A l’audience, la cour était assistée de Mme Charlotte RODRIGUES, greffier.
Sur le rapport de Mme P Q et à l’issue des débats, l’affaire a été mise en délibéré et le président a avisé les parties de ce que l’arrêt sera prononcé par sa mise à disposition au greffe le 04 septembre 2014, dans les conditions prévues au deuxième alinéa de l’article 450 du Code de procédure civile.
PRONONCÉ :
Le 04 septembre 2014, l’arrêt a été prononcé par sa mise à disposition au greffe et la minute a été signée par M. Philippe BOIFFIN , président de chambre, et Mme Charlotte RODRIGUES, greffier.
*
* *
DÉCISION :
M. L M Y, né le XXX, veuf en premières noces et non remarié de Mme N O, est décédé le 23/07/2004 laissant pour lui succéder ses 4 enfants légitimes issus de son union avec Mme N O :AE Y épouse B, L-AZ Y, E Y et A Y épouse X.
Me Richir, notaire à Nouvion-en-Ponthieu, a été chargé du règlement amiable de la succession, ce qu’il a commencé à faire.
A Y s’est prévalue d’un testament olographe de son père daté du 21/12/2003 la désignant bénéficiaire de la quotité disponible sur l’ensemble de la succession et, en cas de prédécès de A Y, désignant les enfants de cette dernière, D et GaëtanVézilier.
Mme AE Y, contestant la validité de ce testament, a saisi le tribunal de grande instance d’Amiens aux fins d’ouverture des opérations de compte, liquidation et partage de la succession de son père, d’annulation du testament et de licitation des deux immeubles dépendant par moitié indivise de la succession, l’un situé à Port-le-Grand occupé par E Y, l’autre à Abbeville occupé par L-AZ Y, l’autre moitié indivise dépendant de la succession de l’épouse C de L Y.

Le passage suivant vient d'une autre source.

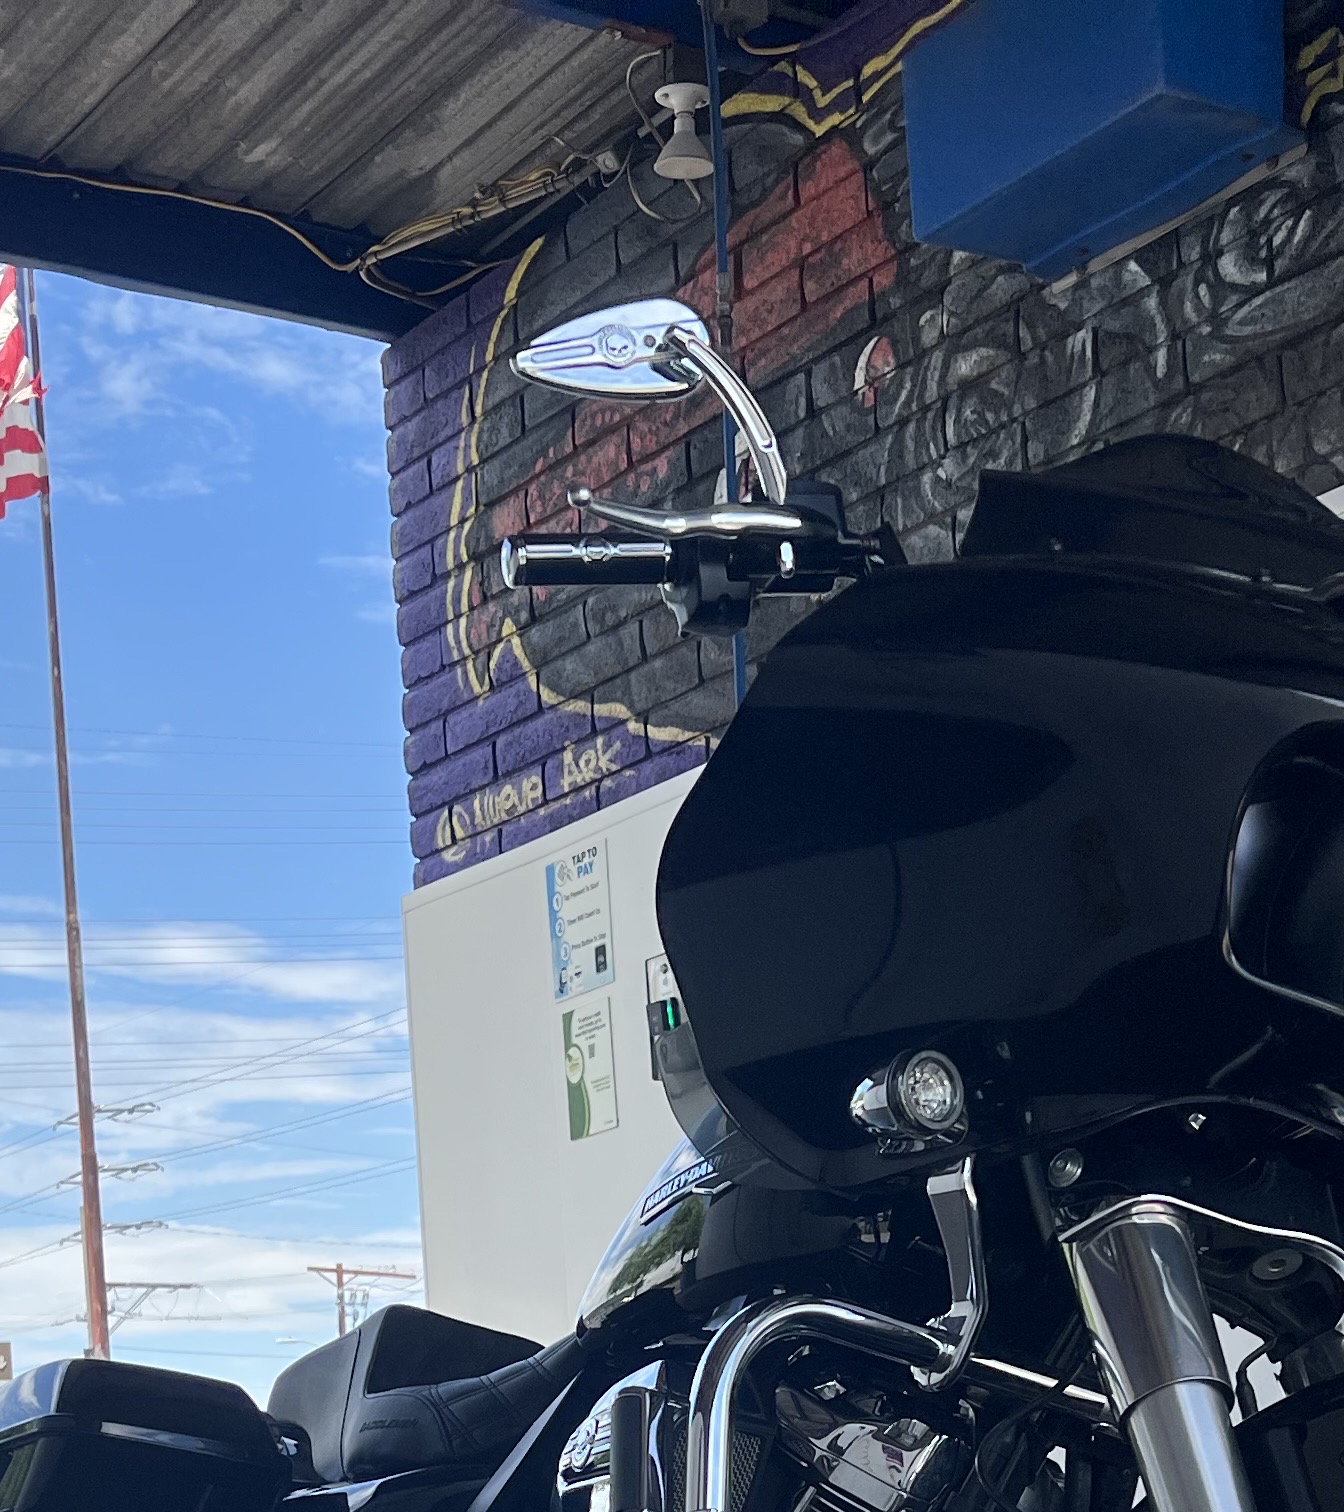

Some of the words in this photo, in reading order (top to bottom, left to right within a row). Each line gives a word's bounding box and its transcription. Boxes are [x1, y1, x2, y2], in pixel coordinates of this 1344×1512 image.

Par jugement rendu le 20/12/2011, le tribunal de grande instance d’Amiens a, pour l’essentiel:
— déclaré nul le testament olographe daté du 21/12/2003,
— déclaré Mme A Y coupable de recel successoral et l’a déchue de sa part dans la quotité disponible de la succession de son père,
— ordonné ouverture des opérations de compte, liquidation et partage de la succession,
— désigné le président de la chambre des notaires de la Somme ou son délégataire, à l’exclusion de Me Richir et de Me Mataih,
— ordonné la licitation de l’immeuble situé à Port-le-Grand, sur mise à prix proposée par le notaire,
— débouté Mme AE Y de sa demande de licitation de l’immeuble indivis situé à Abbeville,
— donné acte à L-AZ de ce qu’il se réservait la possibilité de solliciter l’attribution préférentielle de l’immeuble d’Abbeville,
— débouté L-AZ Y de sa demande tendant à voir fixer l’indemnité d’occupation dont il est redevable à 174€ par mois,
— donné pour mission au notaire de fixer le montant des indemnités d’occupation des deux immeubles dans la limite de la déchéance quinquennale,
— dit que le notaire devra dresser l’inventaire des meubles,
— condamné Mme A Y à payer à Mme AE Y 1000€ en application de l’article 700 du code de procédure civile,
— condamné M. E Y à verser à Mme AE Y 500€ en application de l’article 700 du code de procédure civile,
— fait masse des dépens qui seront supportés à raison des trois quart par Mme A Y et d’un quart par M. E Y,
— ordonné l’exécution provisoire.
A Y et ses deux enfants D et G X ont formé appel de cette décision par déclaration au greffe du 15/02/2012.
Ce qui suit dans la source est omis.